Em vez de acatar a progressão de regime que, nesta sexta-feira (27), já ultrapassou em 147 dias o total exigido pela Constituição, Moraes determinou novas exigências, como predição das condutas futuras de Silveira, imposição de arrependimento acerca dos crimes cometidos e questionamentos aos especialistas responsáveis pelo laudo criminológico. A decisão do ministro foi assinada na última segunda-feira (23).

Procurado pela Gazeta do Povo, o jurista Rodrigo Chemim, doutor em Direito de Estado, explica que a Lei de Execuções Penais, no artigo 112, coloca como condição apenas a “boa conduta carcerária” para conceder progressão de regime a um preso.

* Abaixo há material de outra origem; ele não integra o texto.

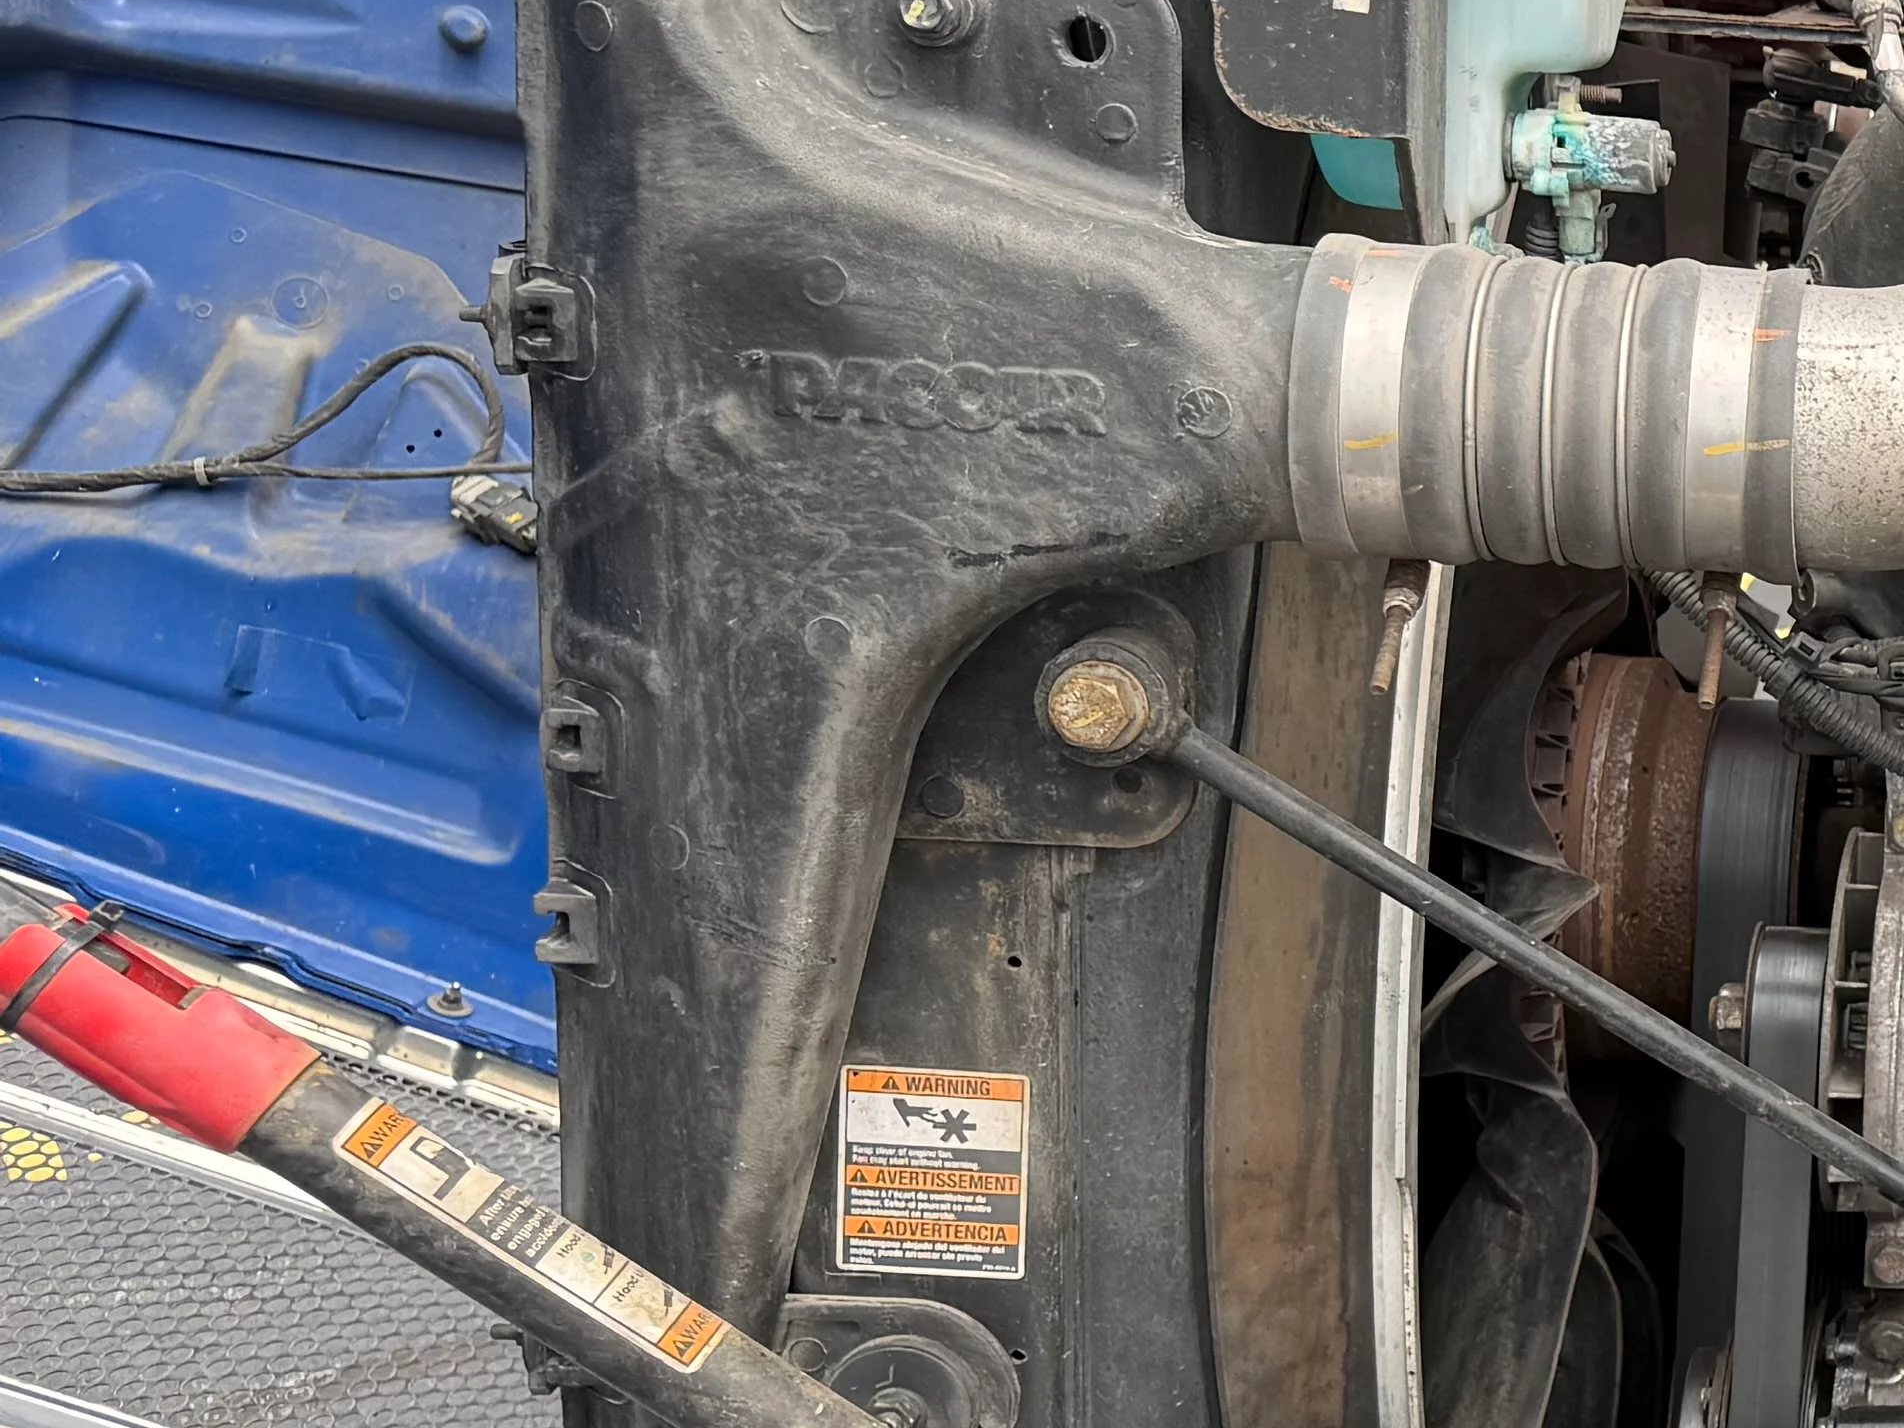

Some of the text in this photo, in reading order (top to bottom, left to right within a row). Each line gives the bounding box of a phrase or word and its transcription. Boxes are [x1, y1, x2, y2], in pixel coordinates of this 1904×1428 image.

[905, 1076, 991, 1096] WARNING
[876, 1169, 1016, 1192] AVERTISSEMENT
[883, 1221, 1007, 1242] ADVERTENCIA

Para isso, o quesito deve ser “comprovado pelo diretor do estabelecimento e pelos resultados do exame criminológico”.

A reportagem teve acesso à íntegra do relatório encaminhado ao ministro pela Secretaria de Estado de Administração Penitenciária (Seap-RJ) e verificou que a avaliação de comportamento do ex-deputado federal no presídio Bangu 8 passou de “ótima” em fevereiro deste ano para “excelente”, em agosto.

A equipe também leu o exame criminológico, que apresentou laudos emitidos por profissionais do Seap-RJ especializados nas áreas de psicologia, assistência social e psiquiatria, com parecer positivo à progressão.

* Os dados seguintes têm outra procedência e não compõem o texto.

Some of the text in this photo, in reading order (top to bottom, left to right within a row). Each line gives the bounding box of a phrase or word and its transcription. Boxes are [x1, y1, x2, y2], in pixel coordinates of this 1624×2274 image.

“Avaliamos que não há, no momento, fator impeditivo à concessão do benefício pleiteado, sob o ponto de vista psiquiátrico”, afirma o laudo assinado por uma médica do Hospital Penal Psiquiátrico Roberto Medeiros no dia 3 de setembro.

”Ressaltando que este exame não tem a pretensão de predizer conduta futura, sendo um corte transversal no histórico do interno, avaliamos que não há, no momento, fator
impeditivo à concessão do benefício pleiteado, sob o ponto de vista psiquiátrico.
Rio de Janeiro, 03/09/2024.”

Moraes caracterizou o exame como “extremamente superficial”

No entanto, o ministro não aceitou o resultado, afirmando que o exame foi “extremamente superficial”. Para o ministro, as informações não poderiam ser coletadas em uma única entrevista de cada profissional com o condenado, e ele afirma que as conclusões não relataram como serão as ações de Silveira fora da prisão.

“Observa-se a ausência de prognose relacionada às condutas futuras do sentenciado, característica essencial de qualquer exame criminológico”, afirmou o magistrado em sua decisão, citando trecho do doutor em psicologia clínica Alvino Augusto de Sá descrito no livro “Criminologia”, do desembargador Guilherme Souza Nucci.

No texto, o autor aponta que os exames criminológicos devem apresentar um prognóstico a respeito do detento, no qual “os técnicos expõem sua pressuposição sobre os possíveis desdobramentos futuros da conduta do examinando”.

“Não há ferramentas psiquiátricas para prever se o indivíduo voltará a cometer um crime”

No entanto, o psiquiatra forense Carlos Augusto Loyola explica que isso não significa uma “previsão do futuro”, pois a avaliação descrita no laudo costuma ser pontual, baseada no histórico do condenado durante a detenção, em diagnósticos anteriores e na entrevista.

“Não há ferramentas psiquiátricas para prever se o indivíduo voltará a cometer um crime”, garante, apontando que, em 20 anos como perito judicial, nunca viu um magistrado negar laudo pericial positivo para um caso sem violência física. “Pedidos de aprofundamento costumam ocorrer em situações de crimes bárbaros para comprovar se há algum grau de psicopatologia com necessidade de tratamento medicamentoso”, aponta.

Para pedidos de progressão de pena que não envolvam psicopatas ou criminosos recorrentes, o especialista aponta que é realizada análise do histórico do preso e uma entrevista com assistente social, psicólogo e psiquiatra. Isso é “suficiente para emitir um parecer com segurança”, afirma.

Em nota, a Seap-RJ informa que o exame criminológico de Daniel Silveira seguiu os critérios usados para todos os detentos, sendo realizado por “equipe multidisciplinar” e “garantindo imparcialidade e tratamento igualitário”. A Seap acrescentou ainda que cumpre todas as decisões judiciais e realizará o exame complementar solicitado.